Fibrillarin is a 33–36 kDa nucleolar protein involved in multiple aspects of RNA biogenesis. It is a major protein in the fibrillar regions of the nucleolus where rRNA transcription and early pre-rRNA processing take place (1,2). Fibrillarin is also found in Cajal bodies (CBs), subnuclear dynamic particles that contain distinct components involved in RNA transcription and editing such as mRNA splicing and small nuclear/nucleolar ribonucleoprotein (sn/snoRNP) biogenesis (3,4). Fibrillarin is a core component of box C/D snoRNP particles, which are responsible for site-specific 2′-O-ribose methylation of rRNA and for pre-rRNA cleavage, and box C/D-containing small CB-specific RNPs (scaRNPs) that methylate snRNAs (5,6). Assembled sn/snoRNPs traffic through CBs before accumulating in both splicing speckles (sites of storage/assembly of splicing factors/complexes) and also in the dense fibrillar component of the nucleolus where early pre-rRNA processing events take place. In all cases, fibrillarin is found in multi-component complexes containing RNA (snoRNA, pre-rRNA) and proteins. In eukaryotes, the mature box C/D snoRNP complex competent for snRNA/pre-rRNA modification contains the RNA-binding 15.5-kDa protein and the two related proteins Nop56 and Nop58 in addition to fibrillarin and the snoRNA (5).

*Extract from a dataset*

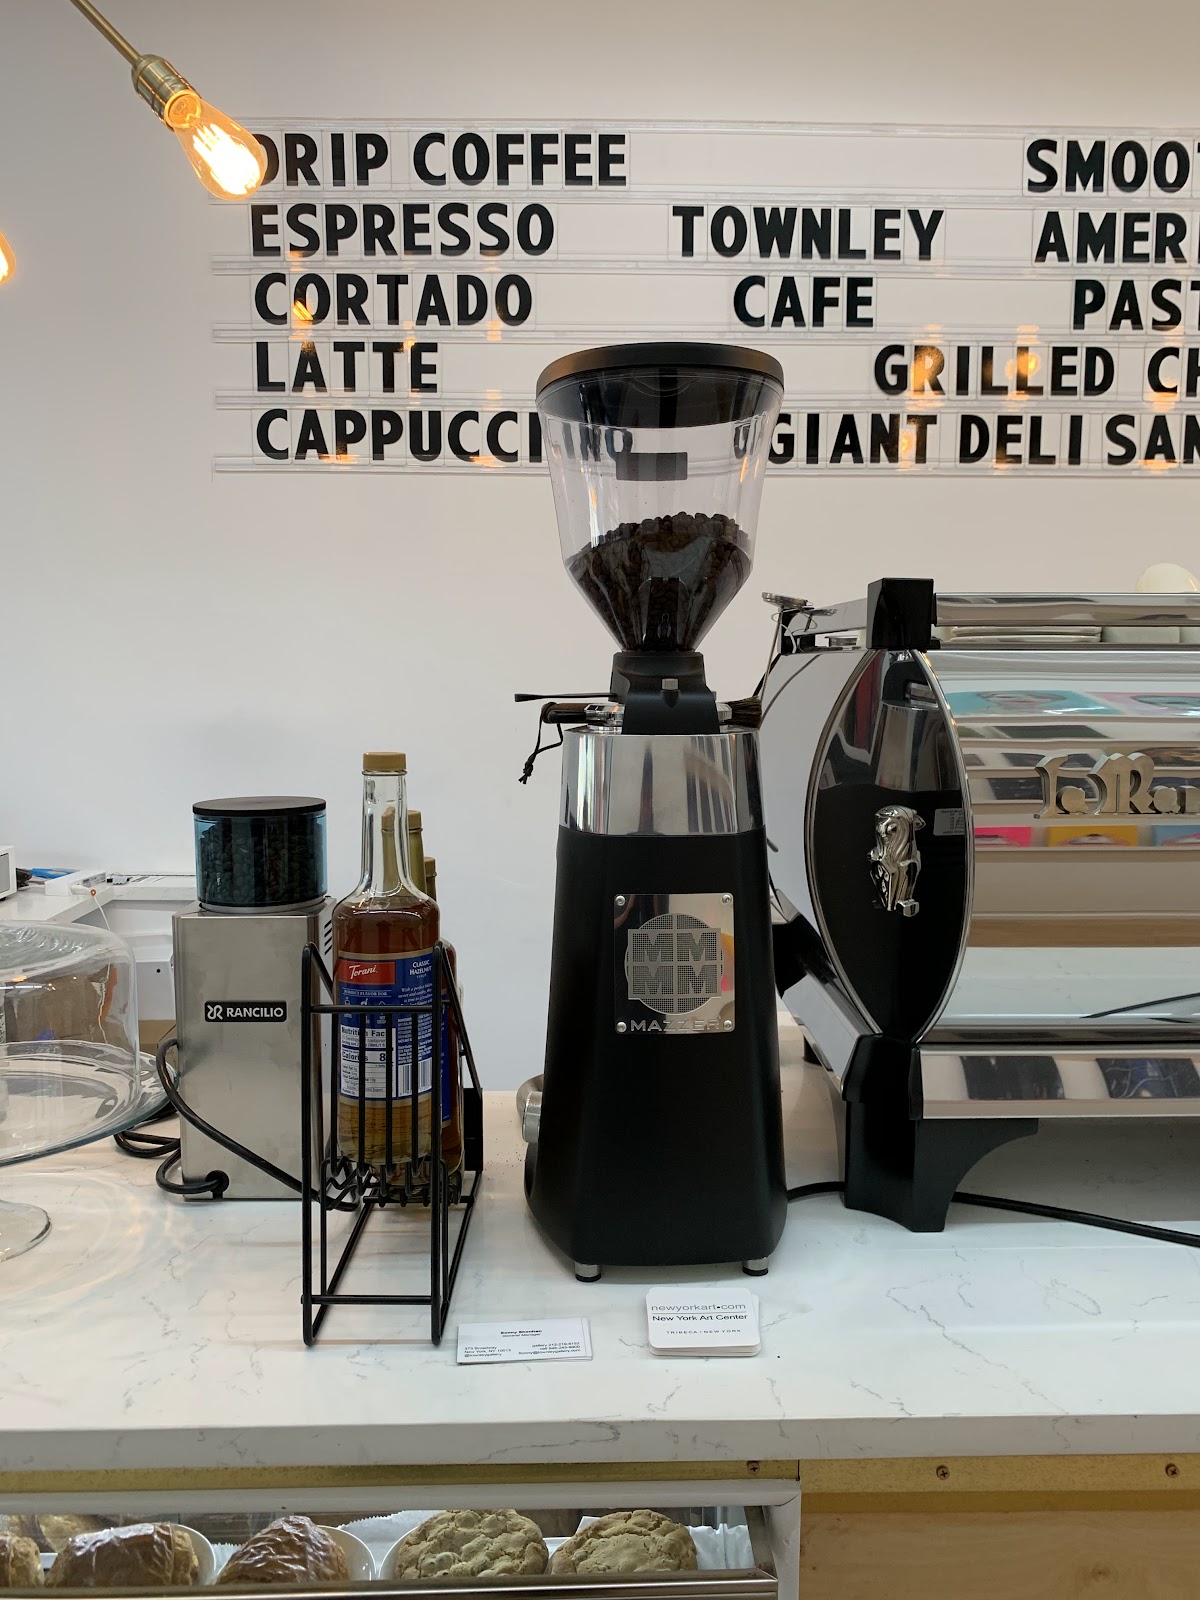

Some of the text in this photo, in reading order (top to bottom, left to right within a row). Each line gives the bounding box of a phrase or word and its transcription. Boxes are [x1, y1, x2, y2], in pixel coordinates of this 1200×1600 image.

Fibrillarin is highly evolutionarily conserved with respect to sequence, structure and function (5,7–10). On the basis of the amino acid sequence alignment of fibrillarin proteins from different species, Aris and Blobel (7) suggested that fibrillarin contains several domains. Within the human fibrillarin protein (36 kDa—320 amino acids), three structure/functions regions have been predicted (7; Figure 1). The N-terminal region of fibrillarin is represented by a glycine- and arginine-rich (GAR) domain that is also found in fibrillarin from Saccharomyces cerevisiae, Xenopus laevis and Tetrahymena thermophila (7,9,11), but not in archaeal fibrillarin proteins (5,8). The GAR domain is methylated at arginine residues (12), possibly by the arginine methyltransferases found in complex with fibrillarin (13). The GAR domain is responsible for the interactions with various cellular (14,15) and viral proteins (16,17). The data concerning the role of the GAR domain in nucleolar localization are contradictory. Some findings demonstrate that the GAR domain is not required to target fibrillarin to the nucleolus or CBs, although it contains a nucleolar localization signal (3), but other results suggest that the GAR domain provides the nucleolar targeting of fibrillarin in plants and human cells (9,18).

Figure 1.

Figure 1.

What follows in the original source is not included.